(DATA PROVIDED Opens)
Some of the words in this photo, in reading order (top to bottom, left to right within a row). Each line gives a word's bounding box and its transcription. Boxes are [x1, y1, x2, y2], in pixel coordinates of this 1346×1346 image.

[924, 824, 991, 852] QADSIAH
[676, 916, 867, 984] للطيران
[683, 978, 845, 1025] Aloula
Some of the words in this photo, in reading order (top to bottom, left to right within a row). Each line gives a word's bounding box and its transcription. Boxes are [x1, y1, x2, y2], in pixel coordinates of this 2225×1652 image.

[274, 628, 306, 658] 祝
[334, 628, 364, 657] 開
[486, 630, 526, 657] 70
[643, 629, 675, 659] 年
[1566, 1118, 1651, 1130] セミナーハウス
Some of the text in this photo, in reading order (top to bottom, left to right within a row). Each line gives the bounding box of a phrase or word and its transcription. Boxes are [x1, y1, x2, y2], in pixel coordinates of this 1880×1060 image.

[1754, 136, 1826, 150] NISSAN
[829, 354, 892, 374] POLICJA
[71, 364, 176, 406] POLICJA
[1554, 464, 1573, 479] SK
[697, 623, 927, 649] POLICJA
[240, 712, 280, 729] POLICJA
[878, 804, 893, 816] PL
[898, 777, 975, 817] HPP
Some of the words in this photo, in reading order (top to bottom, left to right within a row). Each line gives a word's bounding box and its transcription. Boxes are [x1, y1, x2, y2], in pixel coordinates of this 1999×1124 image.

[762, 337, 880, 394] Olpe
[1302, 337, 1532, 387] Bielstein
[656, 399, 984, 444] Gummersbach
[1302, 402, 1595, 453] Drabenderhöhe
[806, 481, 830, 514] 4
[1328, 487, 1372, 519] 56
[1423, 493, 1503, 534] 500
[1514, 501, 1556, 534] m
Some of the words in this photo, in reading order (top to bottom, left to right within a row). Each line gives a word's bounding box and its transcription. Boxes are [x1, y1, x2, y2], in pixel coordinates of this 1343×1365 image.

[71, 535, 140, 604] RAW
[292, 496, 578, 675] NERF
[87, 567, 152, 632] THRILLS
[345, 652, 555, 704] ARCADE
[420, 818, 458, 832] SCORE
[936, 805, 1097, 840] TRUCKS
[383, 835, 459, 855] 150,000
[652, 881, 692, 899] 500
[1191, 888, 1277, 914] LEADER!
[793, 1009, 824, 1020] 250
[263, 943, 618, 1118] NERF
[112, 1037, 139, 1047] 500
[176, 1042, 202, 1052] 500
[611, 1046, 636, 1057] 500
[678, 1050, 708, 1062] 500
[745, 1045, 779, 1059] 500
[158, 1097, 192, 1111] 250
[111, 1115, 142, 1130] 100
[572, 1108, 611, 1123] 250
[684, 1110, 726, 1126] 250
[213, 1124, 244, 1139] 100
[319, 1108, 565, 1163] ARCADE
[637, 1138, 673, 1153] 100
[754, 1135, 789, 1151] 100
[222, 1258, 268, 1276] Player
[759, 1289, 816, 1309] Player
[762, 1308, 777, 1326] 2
(DATA PROVIDED Closes)
Without changing a single character, write out all of the entries.

Some of the words in this photo, in reading order (top to bottom, left to right within a row). Each line gives a word's bounding box and its transcription. Boxes are [x1, y1, x2, y2], in pixel coordinates of this 1346×1346 image.

[924, 824, 991, 852] QADSIAH
[676, 916, 867, 984] للطيران
[683, 978, 845, 1025] Aloula
Some of the words in this photo, in reading order (top to bottom, left to right within a row). Each line gives a word's bounding box and its transcription. Boxes are [x1, y1, x2, y2], in pixel coordinates of this 2225×1652 image.

[274, 628, 306, 658] 祝
[334, 628, 364, 657] 開
[486, 630, 526, 657] 70
[643, 629, 675, 659] 年
[1566, 1118, 1651, 1130] セミナーハウス
Some of the text in this photo, in reading order (top to bottom, left to right within a row). Each line gives the bounding box of a phrase or word and its transcription. Boxes are [x1, y1, x2, y2], in pixel coordinates of this 1880×1060 image.

[1754, 136, 1826, 150] NISSAN
[829, 354, 892, 374] POLICJA
[71, 364, 176, 406] POLICJA
[1554, 464, 1573, 479] SK
[697, 623, 927, 649] POLICJA
[240, 712, 280, 729] POLICJA
[878, 804, 893, 816] PL
[898, 777, 975, 817] HPP
Some of the words in this photo, in reading order (top to bottom, left to right within a row). Each line gives a word's bounding box and its transcription. Boxes are [x1, y1, x2, y2], in pixel coordinates of this 1999×1124 image.

[762, 337, 880, 394] Olpe
[1302, 337, 1532, 387] Bielstein
[656, 399, 984, 444] Gummersbach
[1302, 402, 1595, 453] Drabenderhöhe
[806, 481, 830, 514] 4
[1328, 487, 1372, 519] 56
[1423, 493, 1503, 534] 500
[1514, 501, 1556, 534] m
Some of the words in this photo, in reading order (top to bottom, left to right within a row). Each line gives a word's bounding box and its transcription. Boxes are [x1, y1, x2, y2], in pixel coordinates of this 1343×1365 image.

[71, 535, 140, 604] RAW
[292, 496, 578, 675] NERF
[87, 567, 152, 632] THRILLS
[345, 652, 555, 704] ARCADE
[420, 818, 458, 832] SCORE
[936, 805, 1097, 840] TRUCKS
[383, 835, 459, 855] 150,000
[652, 881, 692, 899] 500
[1191, 888, 1277, 914] LEADER!
[793, 1009, 824, 1020] 250
[263, 943, 618, 1118] NERF
[112, 1037, 139, 1047] 500
[176, 1042, 202, 1052] 500
[611, 1046, 636, 1057] 500
[678, 1050, 708, 1062] 500
[745, 1045, 779, 1059] 500
[158, 1097, 192, 1111] 250
[111, 1115, 142, 1130] 100
[572, 1108, 611, 1123] 250
[684, 1110, 726, 1126] 250
[213, 1124, 244, 1139] 100
[319, 1108, 565, 1163] ARCADE
[637, 1138, 673, 1153] 100
[754, 1135, 789, 1151] 100
[222, 1258, 268, 1276] Player
[759, 1289, 816, 1309] Player
[762, 1308, 777, 1326] 2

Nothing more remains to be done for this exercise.